Depuis toujours, la Banque Populaire Occitane prône un modèle d’hyper proximité avec ses clients, via une forte présence territoriale. Les crises successives de ces dernières années ont-elles changé la donne ? Notamment dans les territoires ruraux, où le phénomène de désert bancaire s’intensifie ?
Christophe Bosson : « La banque compte 1 982 collaborateurs et 197 agences réparties sur le territoire occitan, soit une pour 16 000 habitants, sachant que la moyenne du groupe est plutôt une pour 23 000 habitants. Preuve de la réussite de ce maillage, nous avons la plus forte part de marché en crédits et en dépôts. Pour maintenir ce réseau de points de vente, la banque investi chaque année dans des programmes de rénovation.
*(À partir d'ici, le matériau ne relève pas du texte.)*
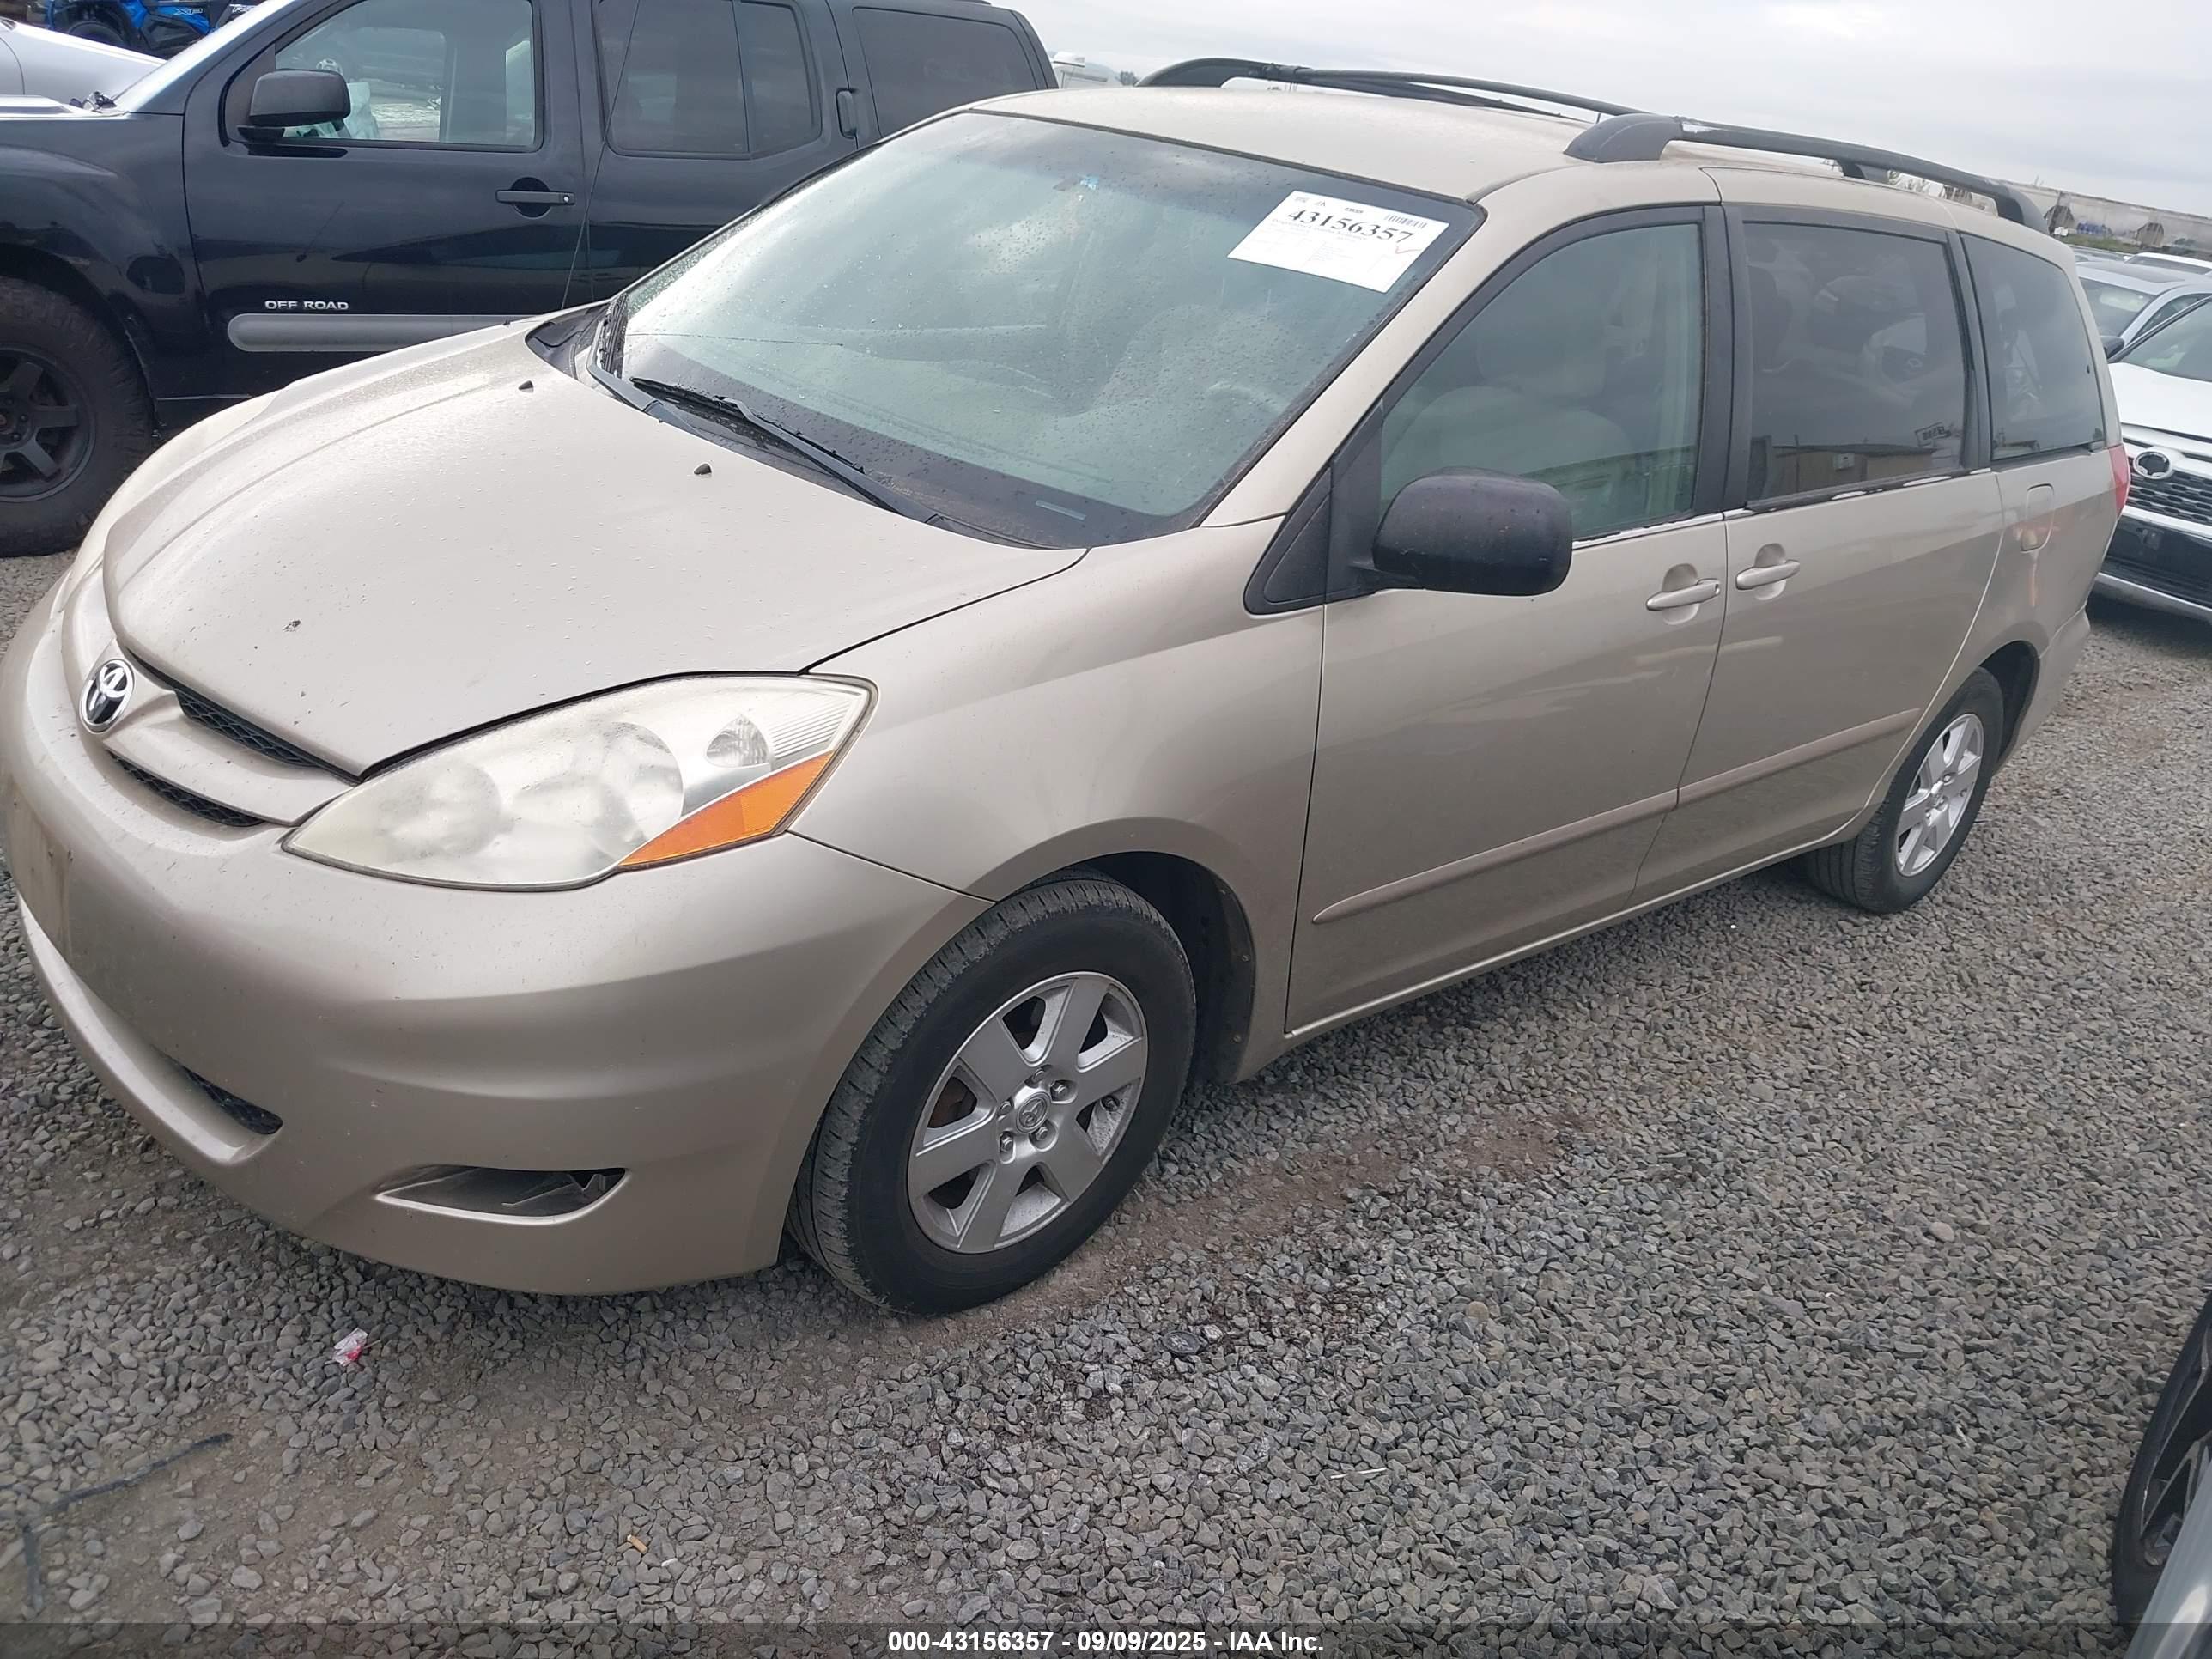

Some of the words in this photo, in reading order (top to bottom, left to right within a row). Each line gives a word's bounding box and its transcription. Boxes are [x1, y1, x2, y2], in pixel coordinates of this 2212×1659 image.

[1288, 209, 1415, 244] 43156357
[264, 301, 298, 310] OFF
[303, 301, 349, 310] ROAD
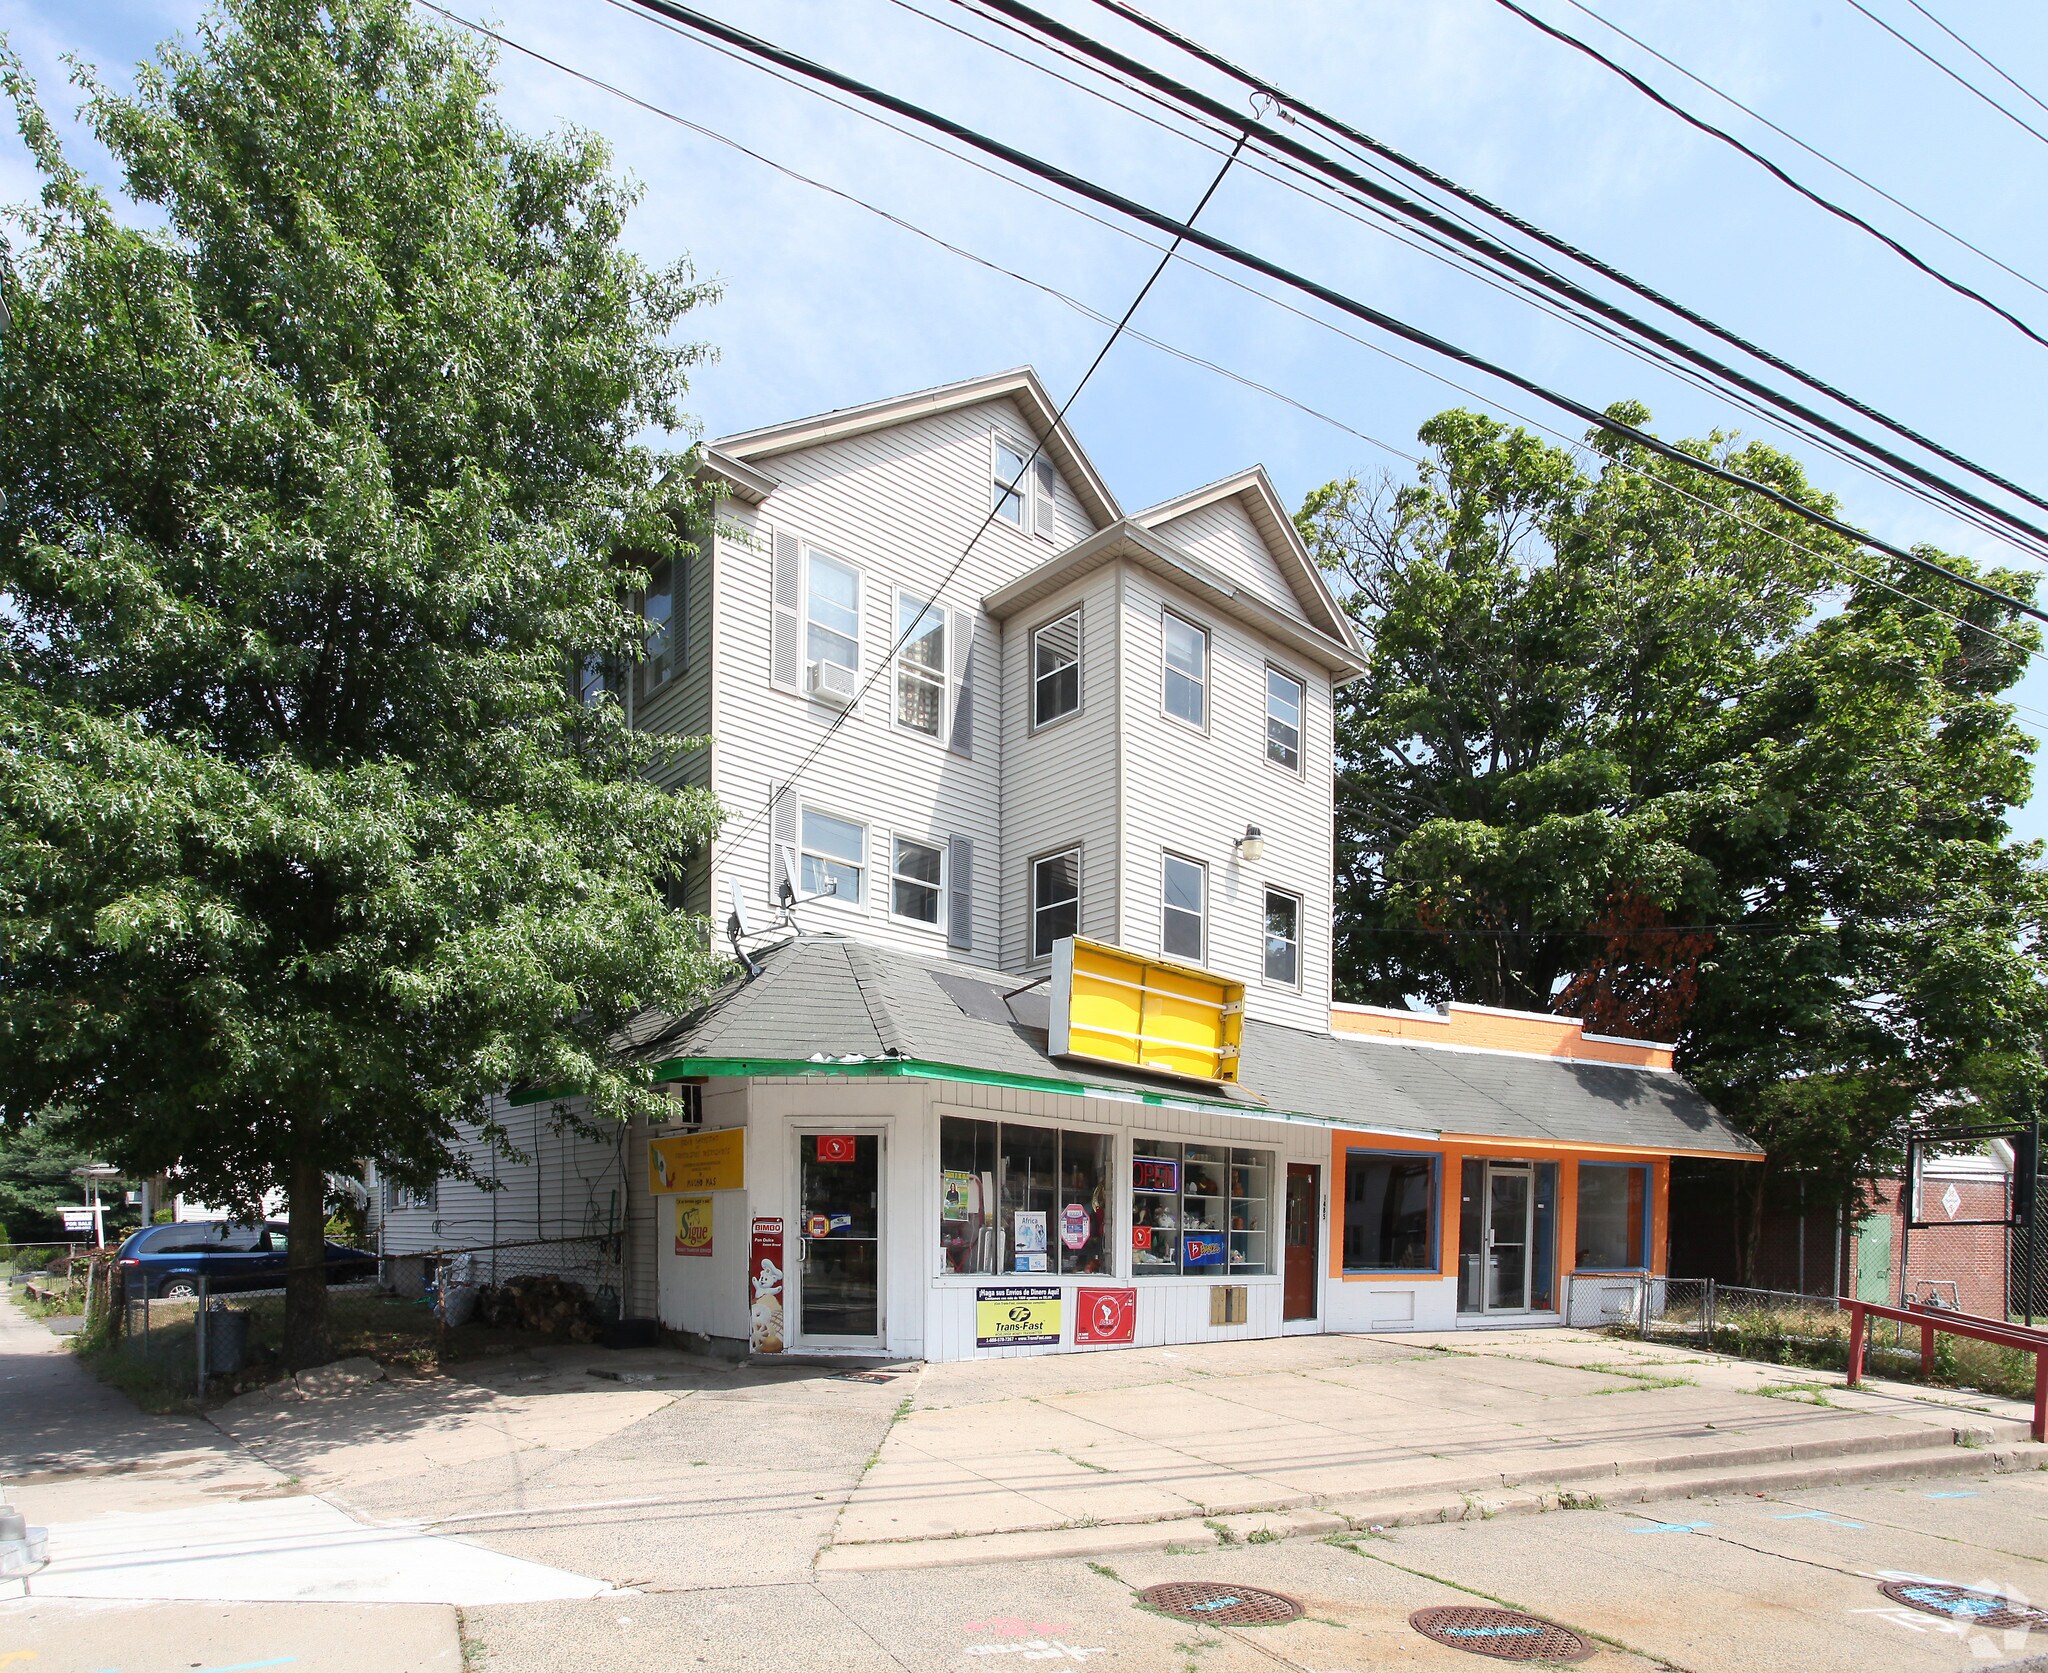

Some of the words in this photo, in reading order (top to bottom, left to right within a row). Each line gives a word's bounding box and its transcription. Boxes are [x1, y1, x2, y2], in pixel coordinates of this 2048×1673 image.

[1133, 1161, 1175, 1189] OPEN
[680, 1211, 708, 1245] Sigue
[1023, 1288, 1030, 1296] de
[1030, 1288, 1047, 1296] Dinero
[996, 1321, 1043, 1331] Trans-Fast
En 2023, 10 agences ont été rénovées pour un montant de 3,8 M€. En 2024, l’enveloppe devrait atteindre les 20 M€. Pour maintenir notre réseau physique en milieu rural, nous essayons au maximum de faire preuve de souplesse dans les modes de fonctionnement et surtout, nous avons développé le concept de “banquier de famille”. À l’image du médecin de famille, l’idée est d’être présent dans tous les moments de vie de nos clients, aussi bien les particuliers que les professionnels, pour leur proposer des services élargis adaptés à leurs besoins. »
Enfin, alors que depuis quelques mois les taux de crédits immobiliers repartent à la baisse, quelles sont les perspectives pour 2024 ? Êtes-vous plutôt confiants ou prudents ?
Christophe Bosson : « Si la Banque Populaire Occitane entend être un acteur décisif de la reprise en soutenant particulièrement les entreprises et professionnels qui sont les moteurs de la vie économique de nos territoires, la prudence reste de mise. Concrètement, cela dépendra en grande partie du rythme et de l’ampleur des baisses de taux. Si une baisse significative intervient au mois de juin, cela va rapidement relancer la production de crédits immobiliers mais surtout cela va nous permettre de baisser notre coût de refinancement. Cela devrait se traduire in fine par un redressement de notre résultat. Après une année 2023 difficile, 2024 pourrait donc être celle du rebond. »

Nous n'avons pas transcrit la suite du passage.